In [1]:
from concurrent.futures import ThreadPoolExecutor, as_completed
from langchain_chroma import Chroma
from langchain_openai import OpenAIEmbeddings
from tqdm import tqdm
import dspy
import re
from sisyphus.utils.helper_functions import get_plain_articledb

  from .autonotebook import tqdm as notebook_tqdm


In [2]:
embeddings = OpenAIEmbeddings(model="text-embedding-3-large")
vector_store = Chroma(
    collection_name="example_collection",
    embedding_function=embeddings,
)
article_db = get_plain_articledb('300_heas')

def embed_one(article):
    docs = article_db.get(article)
    with ThreadPoolExecutor(max_workers=20) as worker:
        futures = [worker.submit(vector_store.add_documents, [doc]) for doc in docs]
        for future in futures:
            future.result()

K = 3
QUERY_SYN = """Experimental procedures describing the synthesis and processing of materials, including methods such as melting, casting, rolling, annealing, heat treatment, or other fabrication techniques.
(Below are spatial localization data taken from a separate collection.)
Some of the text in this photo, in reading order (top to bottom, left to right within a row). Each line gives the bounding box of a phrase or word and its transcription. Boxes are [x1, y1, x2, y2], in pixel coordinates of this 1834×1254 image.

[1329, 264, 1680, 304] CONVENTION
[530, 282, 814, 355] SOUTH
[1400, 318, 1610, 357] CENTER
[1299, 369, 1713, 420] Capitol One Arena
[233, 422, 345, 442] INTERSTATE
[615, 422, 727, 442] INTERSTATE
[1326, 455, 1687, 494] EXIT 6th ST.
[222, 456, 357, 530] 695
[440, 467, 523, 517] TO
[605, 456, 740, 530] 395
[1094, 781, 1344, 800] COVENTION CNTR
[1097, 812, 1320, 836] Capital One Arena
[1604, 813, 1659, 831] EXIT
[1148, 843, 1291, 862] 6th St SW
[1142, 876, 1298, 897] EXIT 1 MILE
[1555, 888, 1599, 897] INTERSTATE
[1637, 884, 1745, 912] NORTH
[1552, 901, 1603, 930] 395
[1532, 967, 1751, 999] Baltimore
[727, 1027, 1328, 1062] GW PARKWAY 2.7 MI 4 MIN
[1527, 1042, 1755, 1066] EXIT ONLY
Details often include specific temperatures (e.g., °C), durations (e.g., hours, minutes), atmospheric conditions (e.g., argon, vacuum), mechanical deformation (e.g., rolling reduction), and microstructural characterization steps. Mentions of material compositions, purity levels, and equipment used are common indicators."""
QUERY_MECHANICAL = """Mechanical properties of high entropy alloys, stress-strain curves, yield strength, ultimate tensile strength, tensile strain, elongation, alloy composition, alloying effects on strength, ductility, engineering stress-strain behavior."""
QUERY_PHASE = """Phase characterization of high entropy alloys, microstructure analysis, crystal structures, phase transitions, XRD patterns, lattice parameters, grain morphology, recrystallization, secondary phases, alloying effects on phases, defect structures, and phase stability."""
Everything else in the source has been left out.